Teaching English Intonation and Stress Patterns

March 2026 · Pronunciation

Intonation and stress are the "music" of English. While individual sounds matter, it's the rhythm and melody of speech that often determines whether a learner sounds natural or robotic. Research shows that suprasegmental features (stress, rhythm, intonation) contribute more to intelligibility than individual phonemes.

This guide covers word stress rules, sentence stress patterns, and intonation contours with practical activities for every CEFR level.

Why Stress and Intonation Matter

English is a stress-timed language, meaning stressed syllables occur at roughly regular intervals, while unstressed syllables are compressed. This is fundamentally different from syllable-timed languages like Spanish, French, or Mandarin, where each syllable gets roughly equal time.

When learners ignore stress patterns, they may be grammatically perfect but still difficult to understand.

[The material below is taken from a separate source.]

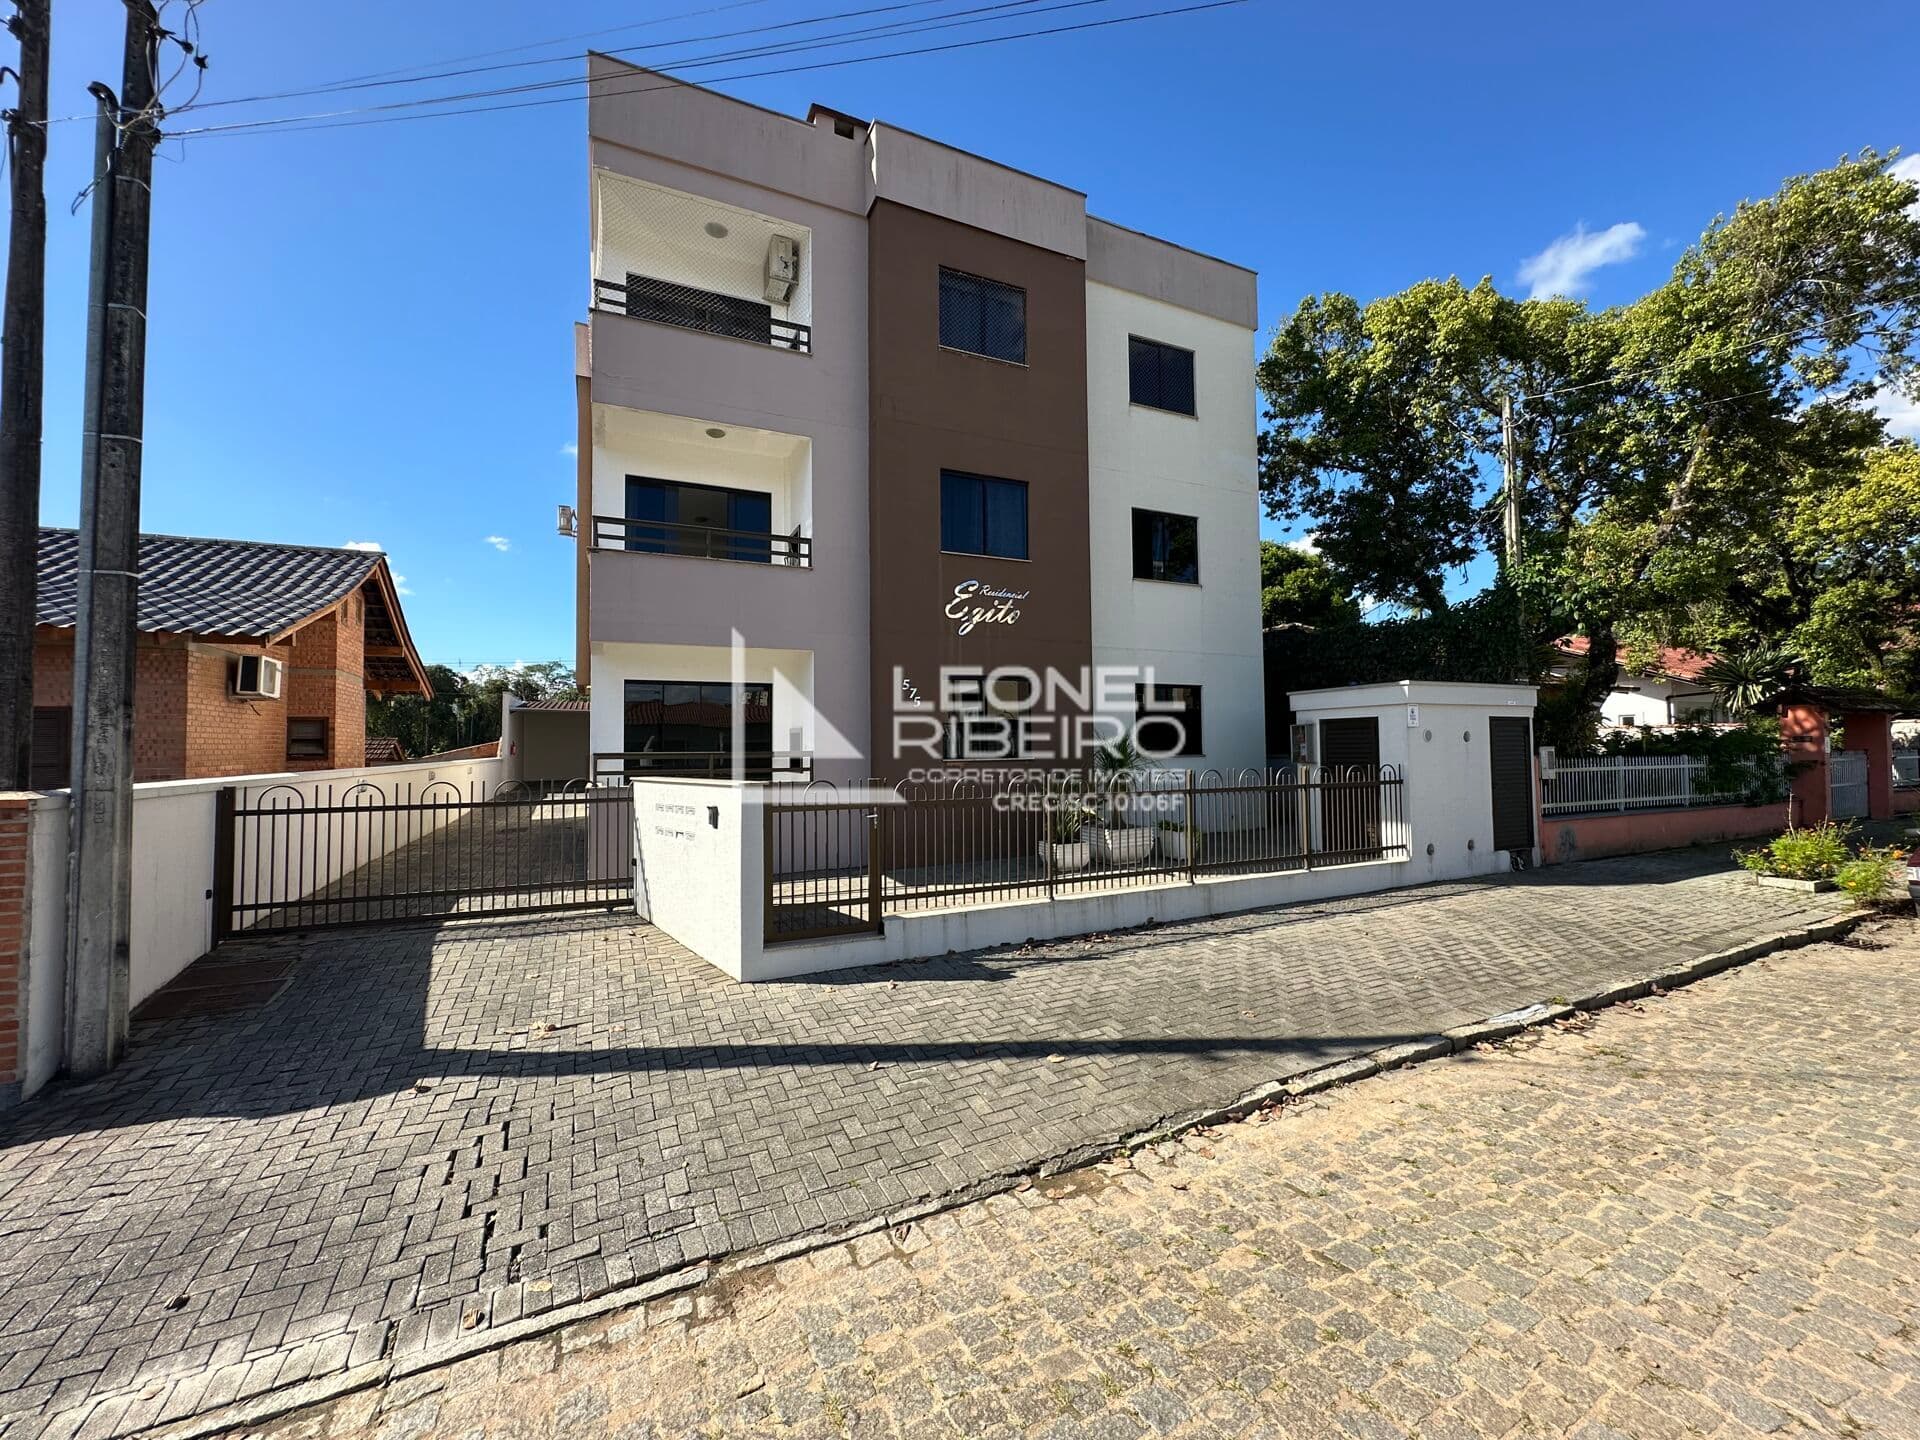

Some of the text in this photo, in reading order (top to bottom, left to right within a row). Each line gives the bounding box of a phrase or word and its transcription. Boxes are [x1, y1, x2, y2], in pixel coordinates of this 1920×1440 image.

[979, 584, 1030, 600] Residencial
[945, 580, 1021, 636] Egito
[902, 679, 921, 707] 575

Consider: "I didn't say he STOLE the money" changes meaning entirely based on which word receives stress.

Word Stress — Rules and Patterns

Two-Syllable Words

PatternWord TypeExamples
OO (stress on 1st)Most nounsTAble, DOCtor, PICture
oO (stress on 2nd)Most verbsdeCIDE, beLIEVE, rePEAT
Noun/Verb pairsShift stressREcord/reCORD, PREsent/preSENT

Multi-Syllable Stress Rules

Sentence Stress — Content vs Function Words

In English, content words (nouns, main verbs, adjectives, adverbs) are stressed, while function words (articles, prepositions, pronouns, auxiliaries) are unstressed and reduced.

Example: "I went to the STORE to BUY some BREAD." The capitalized words carry stress — the others are said quickly and reduced.

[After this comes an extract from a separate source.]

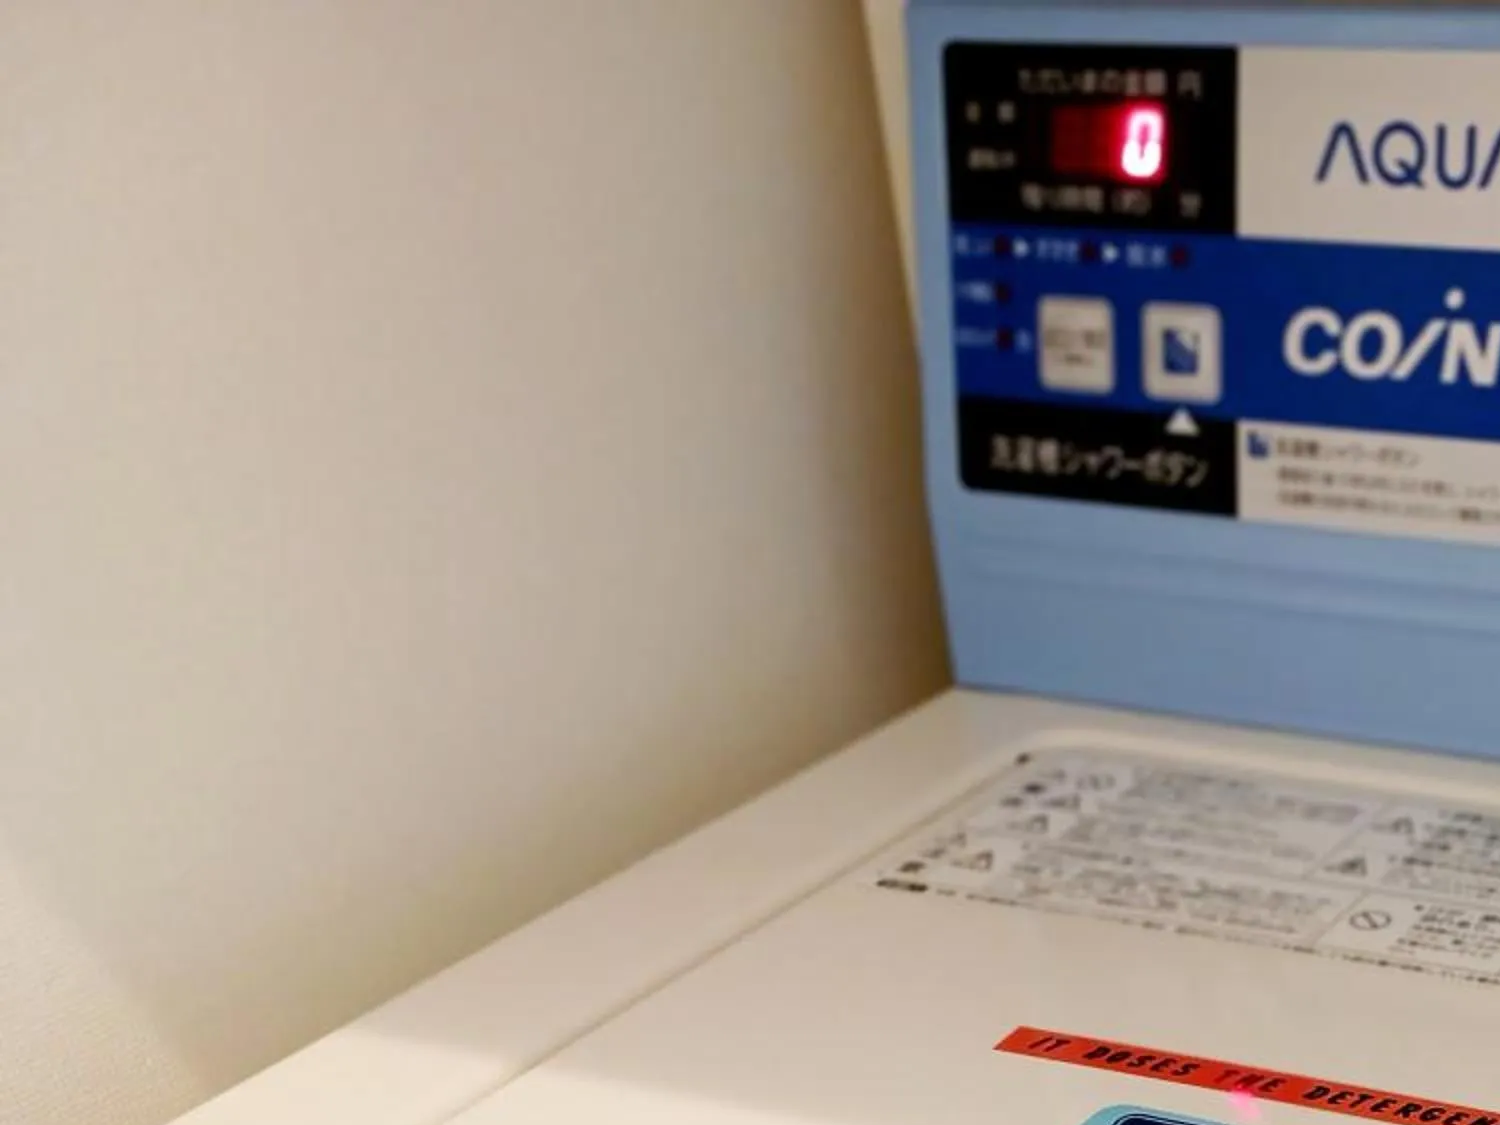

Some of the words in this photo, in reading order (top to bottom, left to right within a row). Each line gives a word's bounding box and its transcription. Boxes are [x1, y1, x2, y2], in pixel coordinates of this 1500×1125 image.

[1122, 107, 1165, 178] 0
[1027, 1035, 1071, 1051] IT
[1082, 1045, 1201, 1078] DOSES
[1215, 1068, 1286, 1094] THE

Activities for Sentence Stress

  1. Rubber Band Stretching — Students stretch a rubber band on stressed syllables while speaking
  2. Clapping Rhythm — Clap only on stressed words in a sentence
  3. Marking Texts — Students underline stressed words in a short paragraph, then read aloud
  4. Jazz Chants — Carolyn Graham's technique using rhythmic chanting to internalize stress patterns
  5. Contrastive Stress Dialogues — "I said TUESDAY, not THURSDAY" practice

Intonation Patterns

Falling Intonation ↘

Used for: statements, wh-questions, commands, exclamations

Rising Intonation ↗

Used for: yes/no questions, uncertainty, lists (non-final items), checking understanding

Fall-Rise ↘↗

Used for: politeness, uncertainty, contrast, "but..." implications

Activities for Intonation

  1. Humming — Students hum the melody of sentences before saying the words
  2. Drawing Intonation — Students draw arrows or curves above written sentences
  3. Attitude Pairs — Same sentence, different intonation conveys different attitudes
  4. Question Tag Practice — Tags use rising (genuine question) or falling (confirmation) intonation
  5. Movie Clip Shadowing — Students shadow actors' intonation in short clips

Common Mistakes by L1

L1 BackgroundTypical ErrorSolution
French/SpanishSyllable-timed rhythm, no reductionPractice schwa /ə/ and weak forms
Chinese/VietnameseTonal interference with intonationFocus on sentence-level patterns, not word tones
JapaneseFlat intonation, equal stressExaggerate stress contrasts initially
ArabicDifferent stress rulesExplicit stress marking exercises

FAQ

Should I teach intonation to beginners?

Yes, but keep it simple. A1-A2 students benefit from basic falling (statements) and rising (yes/no questions) patterns. Use listen-and-repeat with exaggerated contours. Don't introduce metalanguage — just model and practice.

How do I mark stress in written materials?

Use CAPITALS for stressed words, bold for stressed syllables, or dots (● for stressed, ○ for unstressed). Some teachers use size variations: big text for stressed, small for unstressed. Choose one system and be consistent.

Is British and American intonation different?

The basic patterns are the same. Some regional differences exist (e.g., uptalk in Australian/American English), but for teaching purposes, focus on universal patterns. Don't worry about accent-specific intonation unless students need a particular variety.